Images aside, return all the entries exactly.

Referring expression grounding data
============

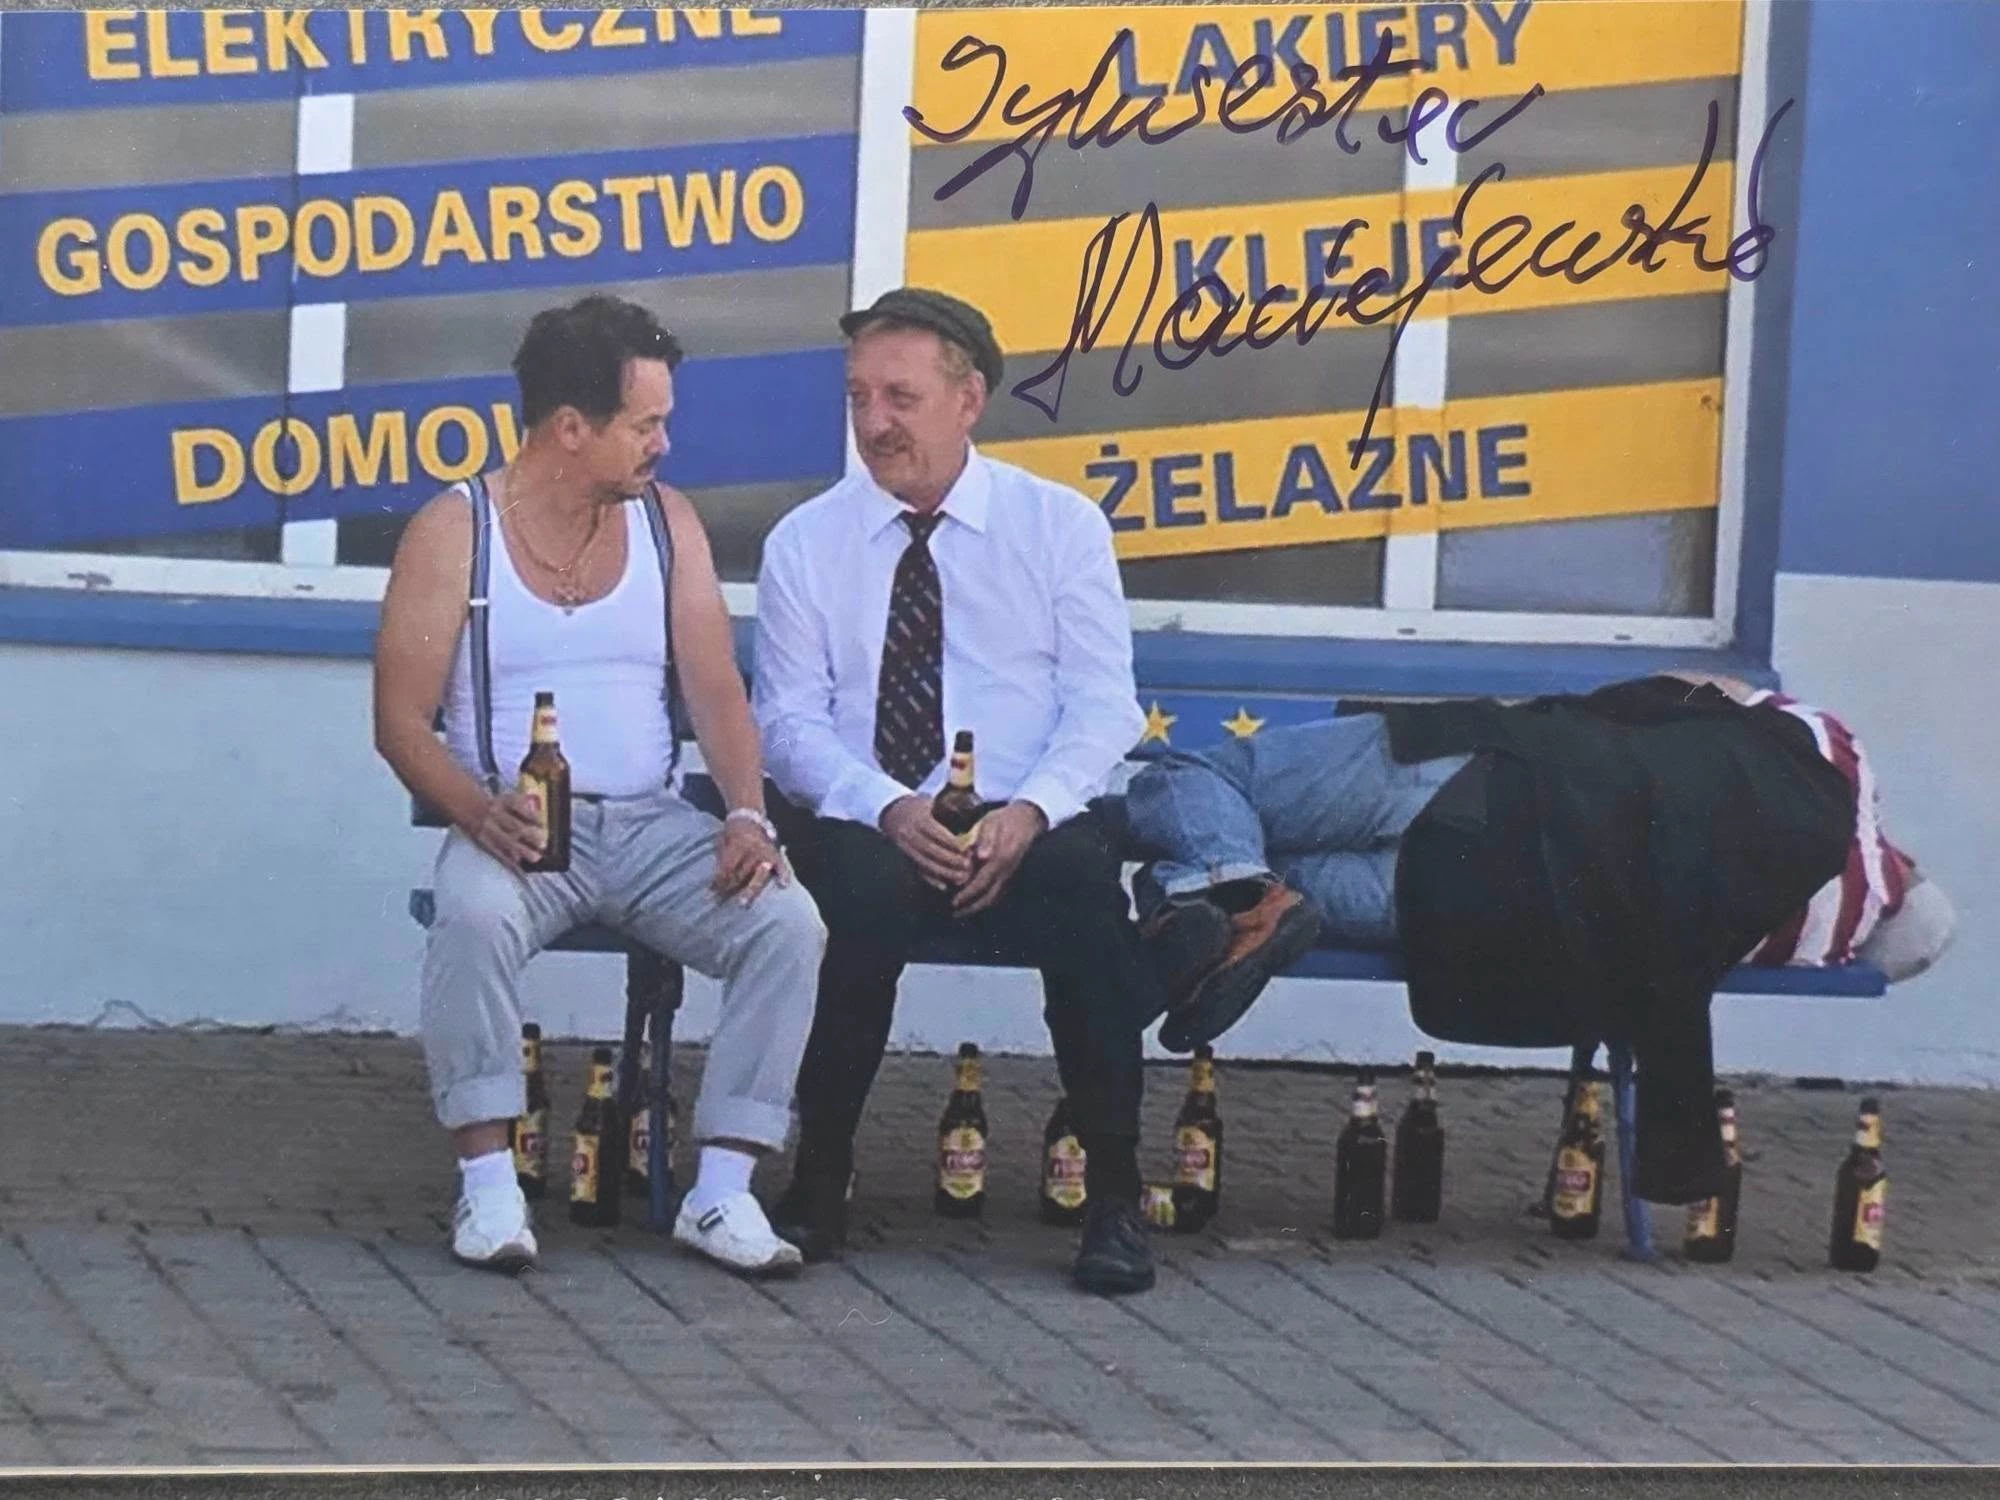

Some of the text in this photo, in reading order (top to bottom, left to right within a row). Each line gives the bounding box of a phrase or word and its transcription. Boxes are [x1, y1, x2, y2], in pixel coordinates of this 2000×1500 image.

[1114, 2, 1532, 100] LAKIERY
[37, 165, 805, 296] GOSPODARSTWO
[1172, 216, 1466, 306] KLEJE
[1084, 423, 1532, 532] ŻELAZNE
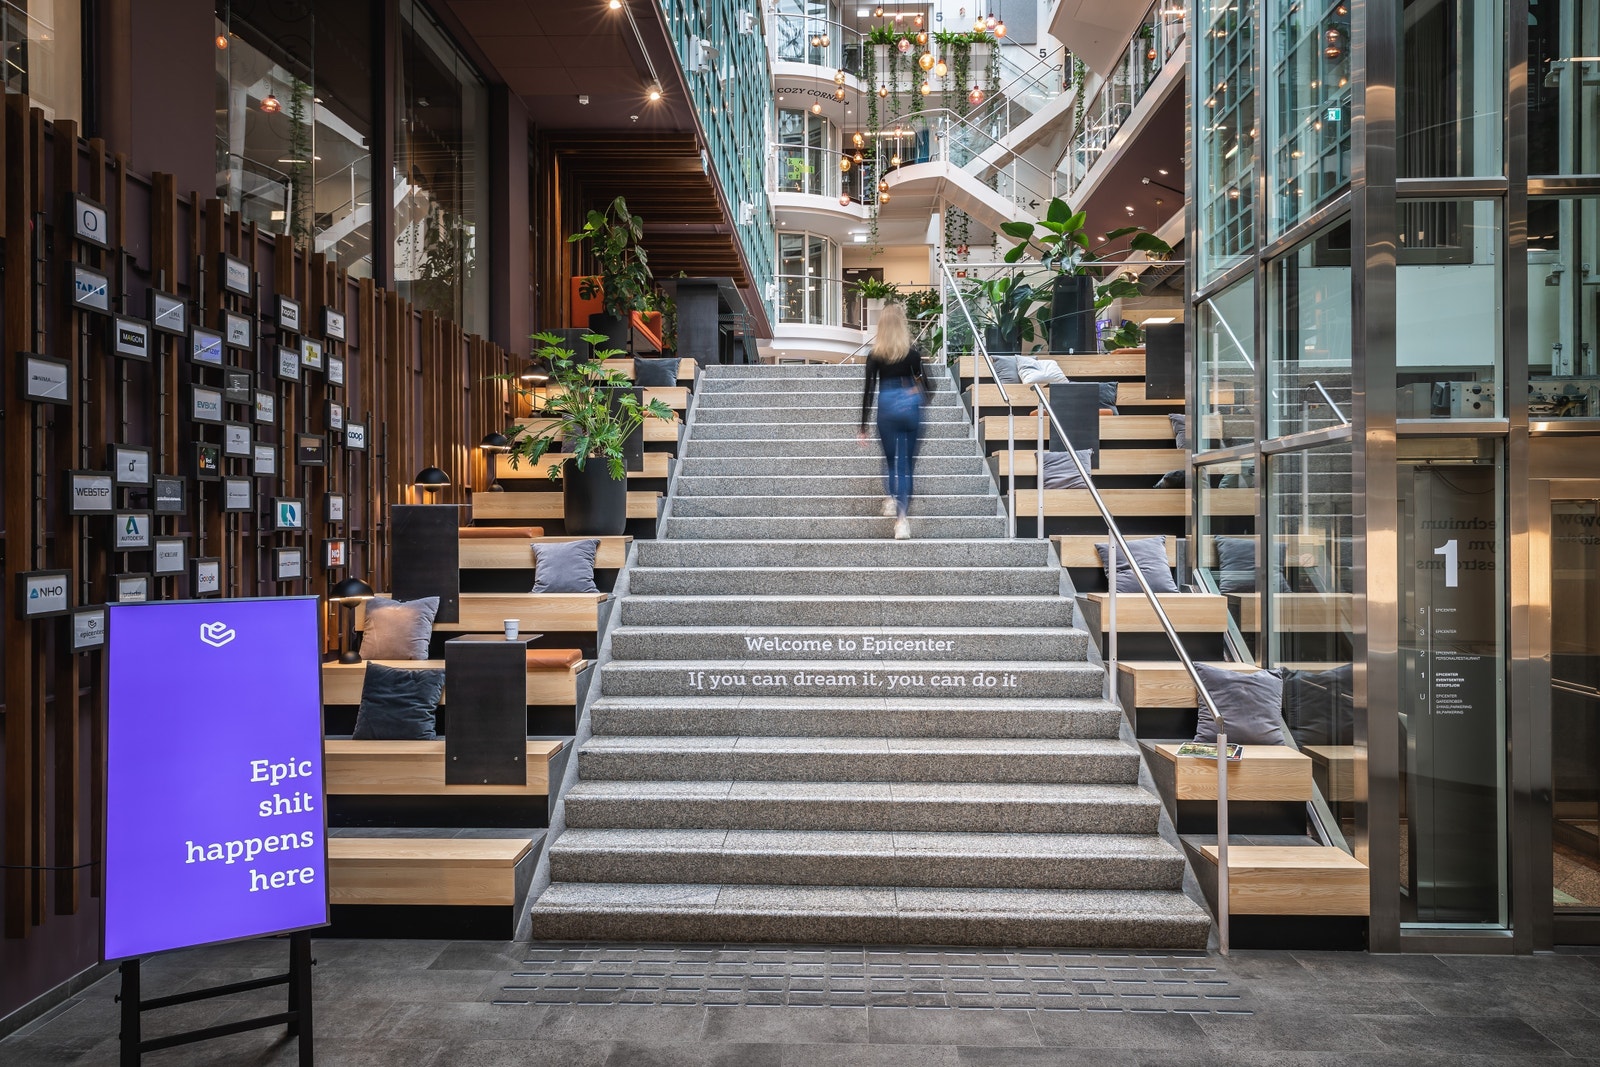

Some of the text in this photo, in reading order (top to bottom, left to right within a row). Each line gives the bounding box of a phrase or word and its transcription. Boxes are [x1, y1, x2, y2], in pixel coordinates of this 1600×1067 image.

[936, 12, 943, 22] 5
[1040, 49, 1047, 58] 5
[123, 332, 143, 344] MAIGON
[197, 401, 217, 410] EVBOX
[349, 432, 362, 441] coop
[75, 488, 110, 496] WEBSTEP
[1434, 540, 1458, 588] 1
[200, 574, 215, 584] Google
[40, 586, 63, 597] NHO
[744, 637, 955, 654] Welcome to Epicenter
[688, 672, 1018, 690] If you can dream it, you can do it
[250, 757, 313, 786] Epic
[259, 792, 314, 817] shit
[185, 831, 314, 865] happens
[249, 866, 315, 892] here
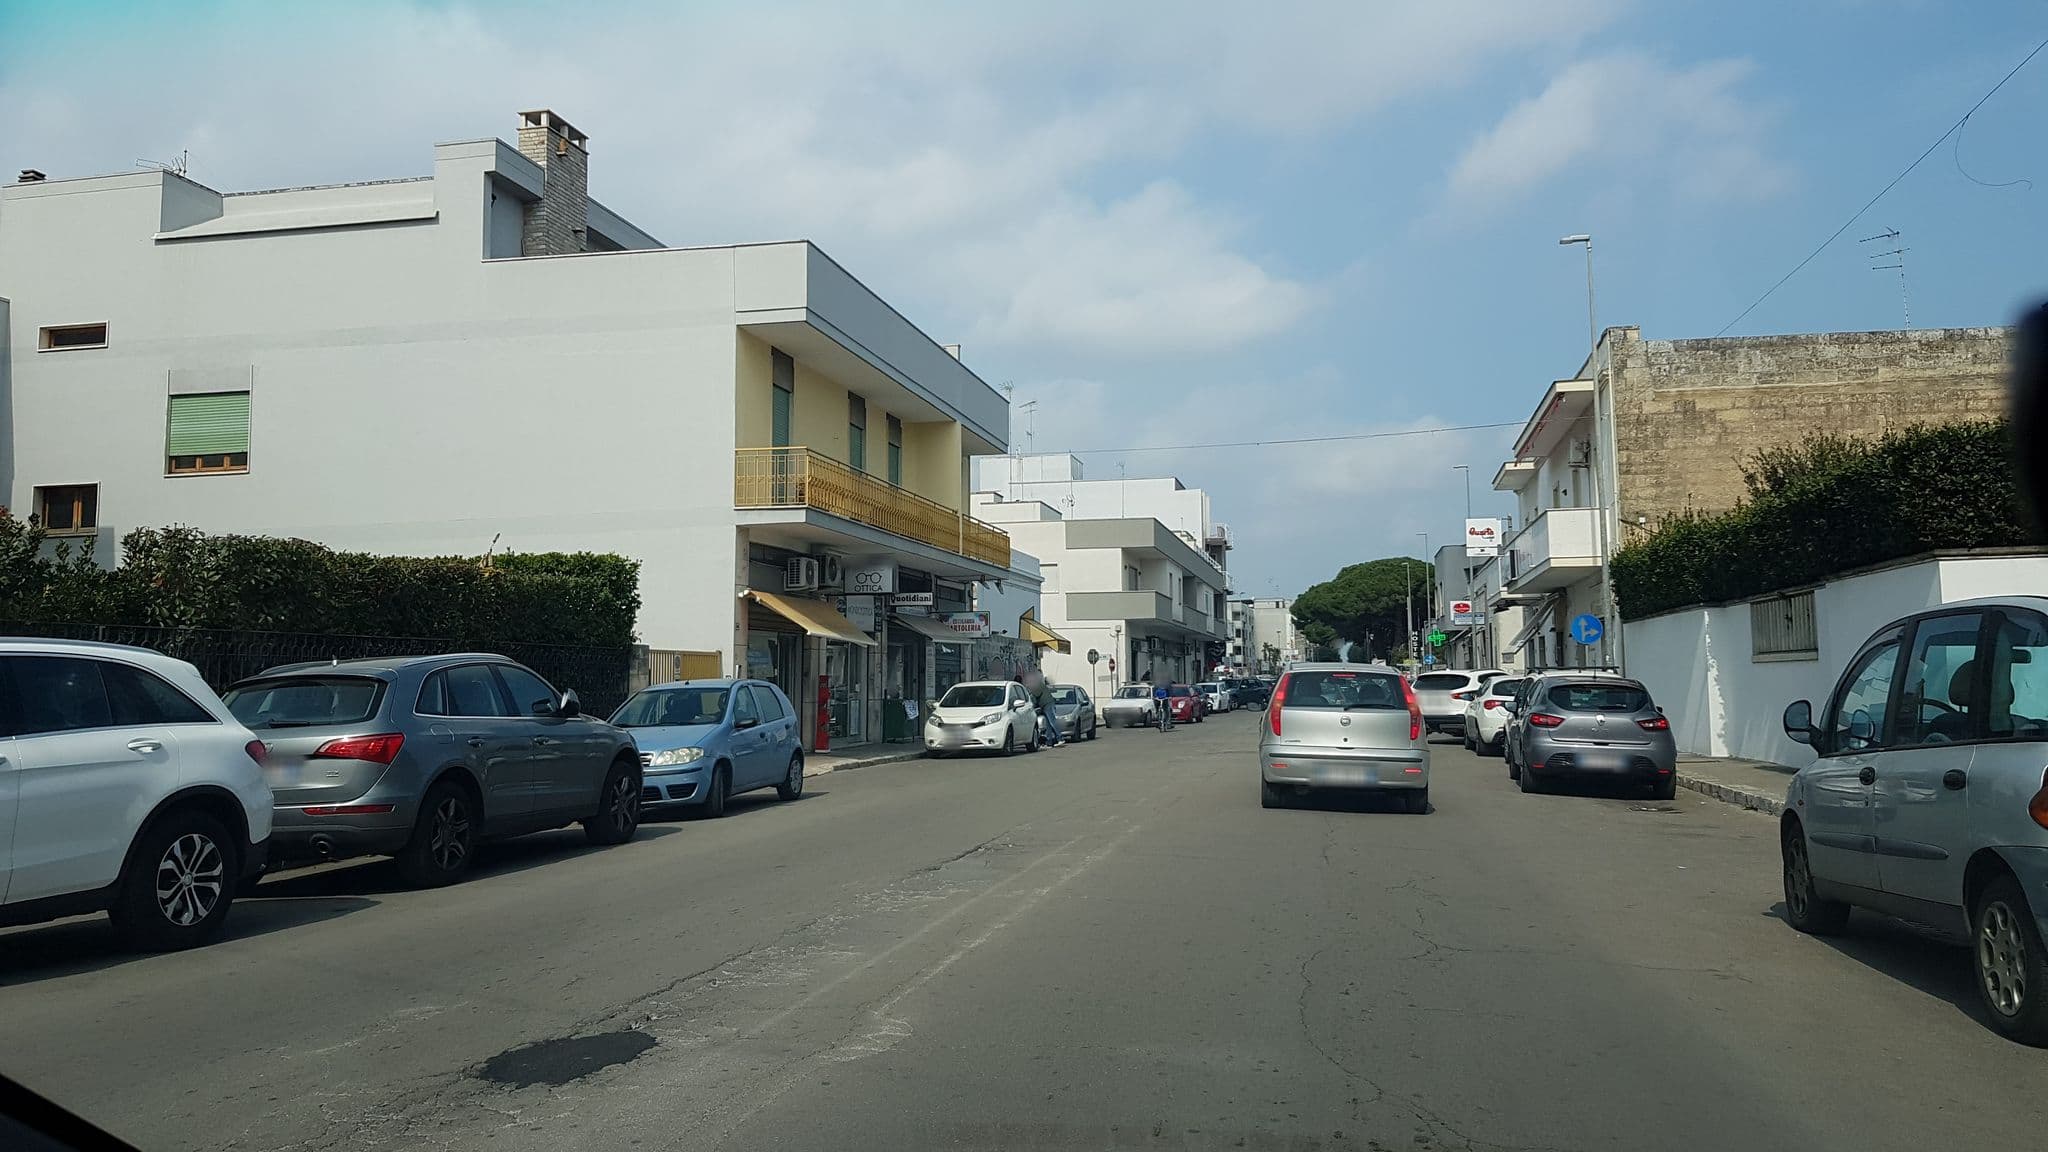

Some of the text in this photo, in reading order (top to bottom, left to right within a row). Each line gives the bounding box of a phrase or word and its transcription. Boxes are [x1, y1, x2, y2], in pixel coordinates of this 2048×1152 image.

[854, 584, 883, 592] OTTICA
[891, 593, 932, 603] Quotidiani
[948, 624, 981, 632] ARTOLERIA
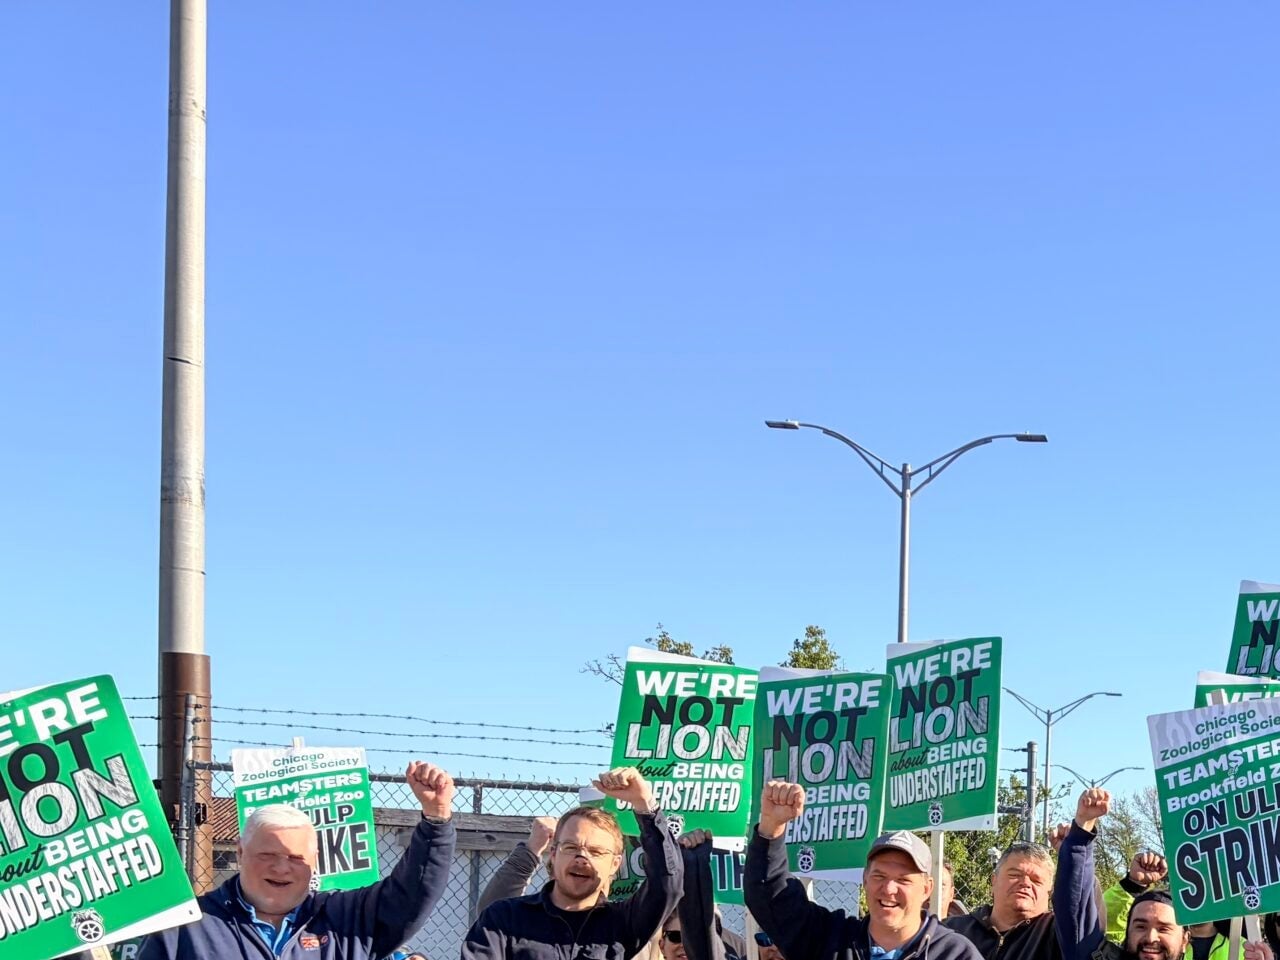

============

> [Your response]:
Some of the text in this photo, in reading order (top to bottom, left to right within a row). Each line gives the bounding box of a phrase or word and its transcription. Boxes are [x1, y1, x2, y2], in pixel coordinates of this 2000×1500 image.

[1114, 2, 1532, 100] LAKIERY
[37, 165, 805, 296] GOSPODARSTWO
[1172, 216, 1466, 306] KLEJE
[1084, 423, 1532, 532] ŻELAZNE

Some of the text in this photo, in reading order (top to bottom, left to right within a row). Each line gives the bounding box of a phrase or word and its transcription. Boxes are [x1, y1, x2, y2], in pixel coordinates of this 1600×1067 image.

[936, 12, 943, 22] 5
[1040, 49, 1047, 58] 5
[123, 332, 143, 344] MAIGON
[197, 401, 217, 410] EVBOX
[349, 432, 362, 441] coop
[75, 488, 110, 496] WEBSTEP
[1434, 540, 1458, 588] 1
[200, 574, 215, 584] Google
[40, 586, 63, 597] NHO
[744, 637, 955, 654] Welcome to Epicenter
[688, 672, 1018, 690] If you can dream it, you can do it
[250, 757, 313, 786] Epic
[259, 792, 314, 817] shit
[185, 831, 314, 865] happens
[249, 866, 315, 892] here

Some of the text in this photo, in reading order (top to bottom, left to right within a row). Each line gives the bounding box of a phrase or word and its transcription. Boxes are [x1, y1, x2, y2], in pixel coordinates of this 2048×1152 image.

[854, 584, 883, 592] OTTICA
[891, 593, 932, 603] Quotidiani
[948, 624, 981, 632] ARTOLERIA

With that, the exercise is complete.